GDS – Il miracolo di Bellinzona

GDS – Il miracolo di Bellinzona

Ci sono 15mila motivi per non snobbare la coppa nazionale. Quindicimila maglie rosa: le immaginate tutte insieme? Chiedete a Petkovic. Era il 6 aprile 2008: 15mila tifosi del Bellinzona — praticamente tutta la città, che ne conta 18mila — si trasferirono a Basilea per la finale di Coppa di Svizzera,…

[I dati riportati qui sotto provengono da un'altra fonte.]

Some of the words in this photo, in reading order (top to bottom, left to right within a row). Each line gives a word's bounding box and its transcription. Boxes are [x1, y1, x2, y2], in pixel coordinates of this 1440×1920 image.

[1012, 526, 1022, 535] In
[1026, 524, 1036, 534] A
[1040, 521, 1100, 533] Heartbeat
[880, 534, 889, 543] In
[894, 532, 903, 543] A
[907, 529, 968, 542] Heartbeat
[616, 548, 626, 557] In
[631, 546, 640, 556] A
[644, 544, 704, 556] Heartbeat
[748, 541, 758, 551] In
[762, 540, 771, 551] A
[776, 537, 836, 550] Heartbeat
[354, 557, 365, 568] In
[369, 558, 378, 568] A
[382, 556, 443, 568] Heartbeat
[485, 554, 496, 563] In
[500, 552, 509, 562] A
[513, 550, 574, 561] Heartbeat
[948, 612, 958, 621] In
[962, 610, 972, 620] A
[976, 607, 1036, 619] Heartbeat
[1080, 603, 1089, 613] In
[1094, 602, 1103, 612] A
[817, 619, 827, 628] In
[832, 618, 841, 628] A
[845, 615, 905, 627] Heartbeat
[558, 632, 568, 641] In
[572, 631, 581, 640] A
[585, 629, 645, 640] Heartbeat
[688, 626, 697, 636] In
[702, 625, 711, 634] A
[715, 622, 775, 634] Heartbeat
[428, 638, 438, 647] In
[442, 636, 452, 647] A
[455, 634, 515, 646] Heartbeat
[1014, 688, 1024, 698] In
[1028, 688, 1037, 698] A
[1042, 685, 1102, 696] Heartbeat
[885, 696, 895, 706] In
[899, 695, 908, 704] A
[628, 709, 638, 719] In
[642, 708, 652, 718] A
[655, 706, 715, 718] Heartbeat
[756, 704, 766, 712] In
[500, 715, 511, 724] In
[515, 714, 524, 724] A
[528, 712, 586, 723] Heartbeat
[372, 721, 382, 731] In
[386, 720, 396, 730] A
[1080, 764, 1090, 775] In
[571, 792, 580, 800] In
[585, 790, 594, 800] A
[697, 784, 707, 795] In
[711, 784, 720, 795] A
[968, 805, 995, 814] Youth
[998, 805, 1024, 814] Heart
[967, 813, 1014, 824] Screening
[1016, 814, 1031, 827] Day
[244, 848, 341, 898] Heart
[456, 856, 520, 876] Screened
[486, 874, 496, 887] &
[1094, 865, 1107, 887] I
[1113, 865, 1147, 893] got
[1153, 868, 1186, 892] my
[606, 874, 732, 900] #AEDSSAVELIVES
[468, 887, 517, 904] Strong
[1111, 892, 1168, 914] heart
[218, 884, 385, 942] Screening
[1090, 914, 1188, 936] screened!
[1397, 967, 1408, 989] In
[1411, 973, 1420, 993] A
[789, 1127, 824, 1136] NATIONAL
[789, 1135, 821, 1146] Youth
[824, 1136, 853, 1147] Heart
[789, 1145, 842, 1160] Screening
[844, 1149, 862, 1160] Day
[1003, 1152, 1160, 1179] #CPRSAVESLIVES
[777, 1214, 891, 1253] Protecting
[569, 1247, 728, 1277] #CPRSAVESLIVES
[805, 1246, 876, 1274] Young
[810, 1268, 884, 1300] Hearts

Ci sono 15mila motivi per non snobbare la coppa nazionale. Quindicimila maglie rosa: le immaginate tutte insieme? Chiedete a Petkovic. Era il 6 aprile 2008: 15mila tifosi del Bellinzona — praticamente tutta la città, che ne conta 18mila — si trasferirono a Basilea per la finale di Coppa di Svizzera, tutti con un’improbabile maglia rosa addosso, la divisa scelta per quel torneo dal club ticinese. Era una festa, non una finale. Il Bellinzona perse netto, 4-1. Ma il successo vero fu arrivare a quella partita alla guida di un club di Challenge League, la nostra Serie B. In Svizzera, come in Inghilterra, la coppa nazionale è un trofeo messo sullo stesso piano del campionato: «All’estero ci sono motivazioni diverse, ma ora anche in Italia le grandi si stanno interessando al torneo», dice Petkovic. L’uomo che costruì il miracolo Bellinzona quando ancora faceva il volontario alla Caritas la sera, perché non convinto che la panchina sarebbe diventata un lavoro oltre che una passione. Fu proprio quella Coppa di Svizzera, quella finale conquistata, a cambiare la storia di Petko, che la stagione successiva spiccò il volo verso Berna e lo Young Boys. Lasciò la Caritas, a quel punto. Sì, per lavoro.